I can't help but wonder...
When the acts of the NSA first came to light as we now know them, there was outrage not just from the tech sector, but from the general population as well. As these stories continue coming at a steady and regular pace, I still see outrage over the infringement of our rights - and the understanding of the general slippery slope creepiness of it - from those technically inclined. But less and less are the major outlets making a fuss, and even when the general population catches wind of each new story it is increasingly met with a sarcastic, "Gee, didn't see that coming." and a shrug of the shoulders. Is the possibility of a tipping point in favor of our rights being eliminated be the increasing apathy of the greater people toward these issues? I suspect we are on the losing side. I suspect that as the stories come out, and people in general not only become desensitized - but worse, it becomes the norm. In becoming the norm it will balloon to scales and scopes unimaginable. I feel we will reach a point where the majority of people will have forgotten that it was ever any other way. Even as it continues to get worse, they will continue to forget.

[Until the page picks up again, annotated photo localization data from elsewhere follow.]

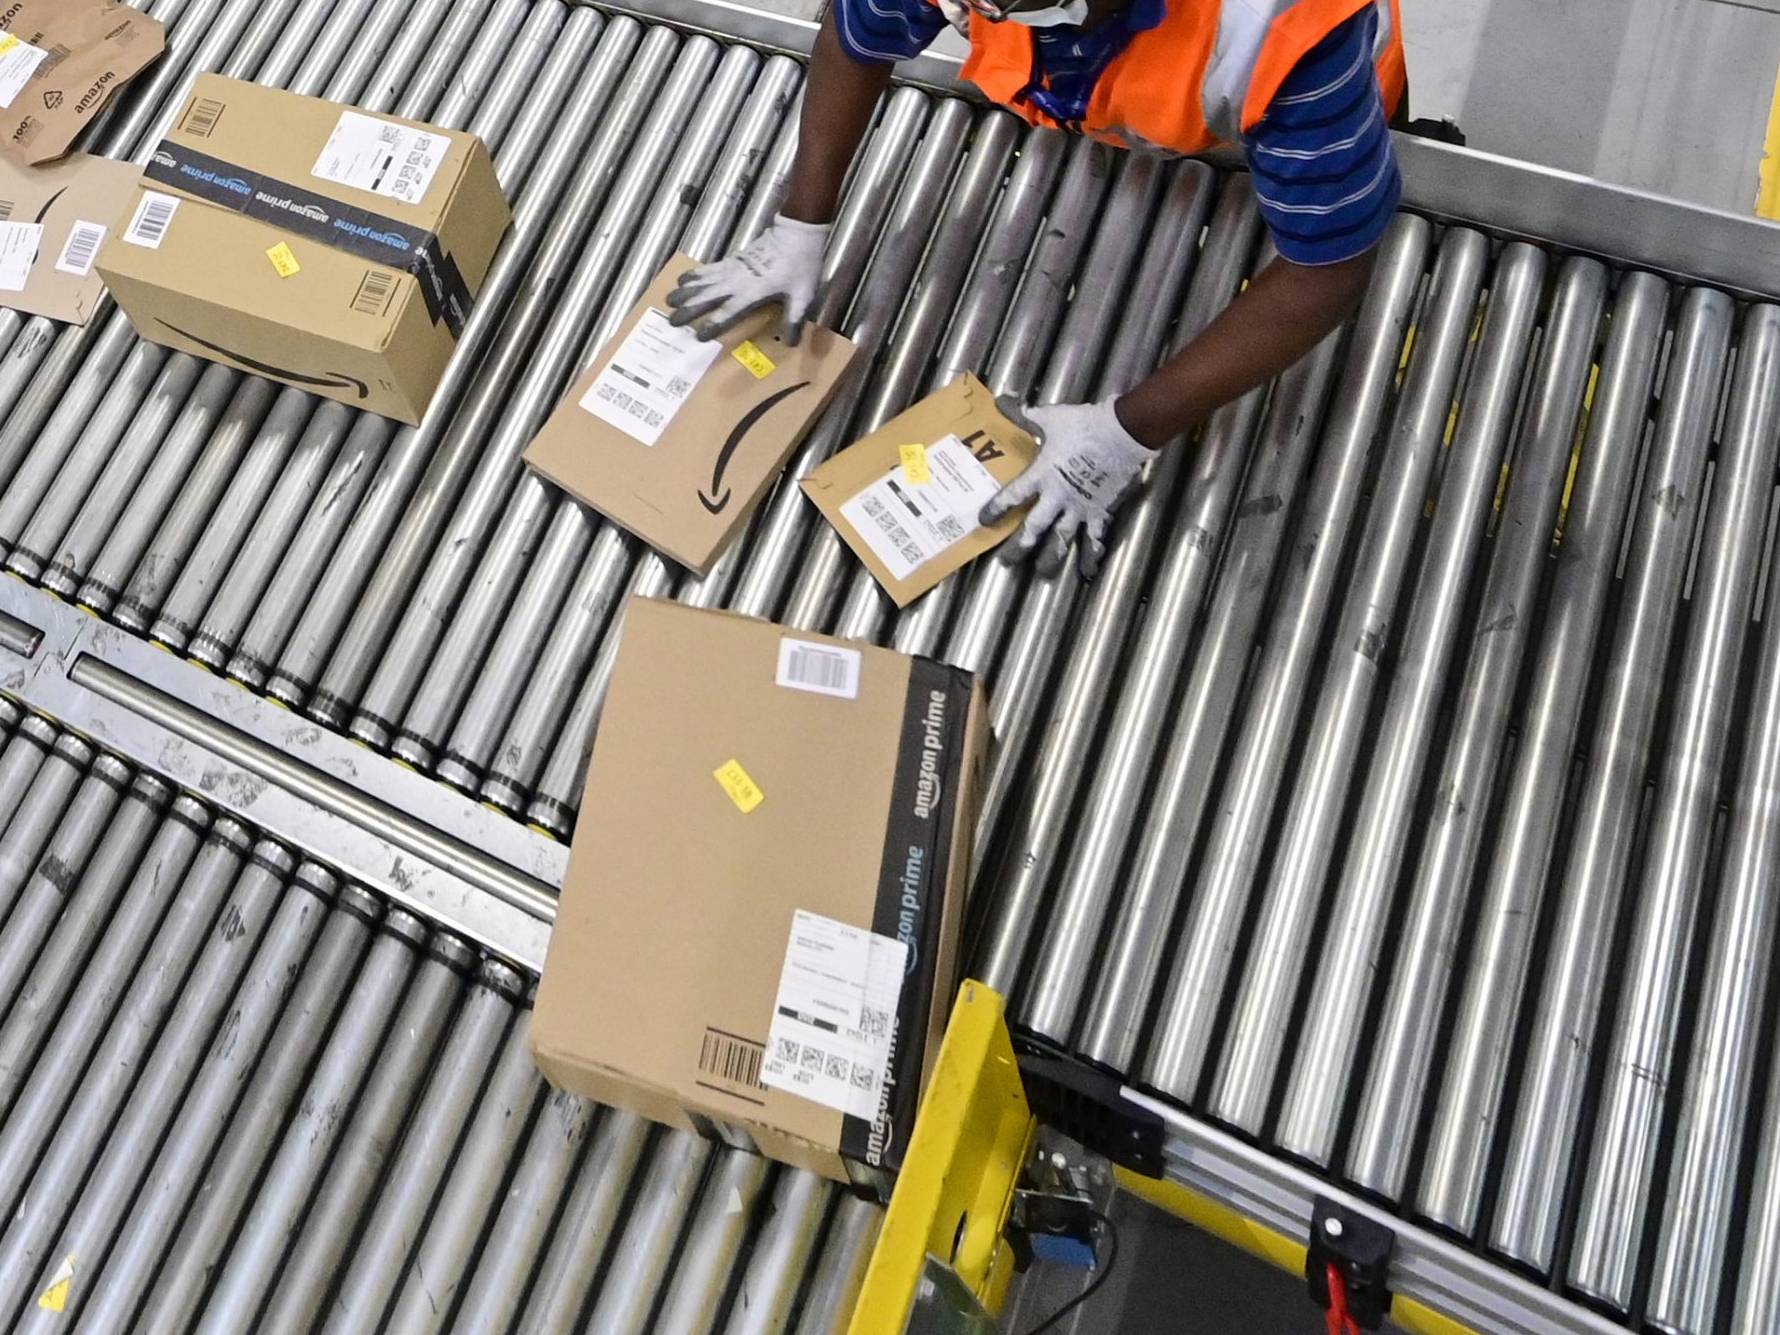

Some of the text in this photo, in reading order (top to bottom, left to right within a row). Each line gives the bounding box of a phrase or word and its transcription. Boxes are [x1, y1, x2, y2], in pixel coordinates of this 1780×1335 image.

[74, 70, 115, 115] amazon
[180, 163, 252, 196] amazon prime
[255, 190, 329, 224] amazon prime
[333, 217, 410, 251] amazon prime
[962, 429, 1005, 463] A1
[914, 690, 947, 819] amazon prime
[896, 845, 924, 946] zon prime

Brought to you by Carl's Junior.
So those that know how, can test and verify open-source alternatives are cryptographically secure, not back-doored, and safe for people to use.
Uh, Linux geek since 1999.
How? Easy for me, I was alive and paying attention.
The problem wasn't so much that good tools from American sources were unavailable, they were just subject to onerous restrictions, that made it hard to distribute. So producers of software were stuck either producing an "international" version which was easy to distribute and download, but had restrictive key length limits and a seperate, harder to download version for the US.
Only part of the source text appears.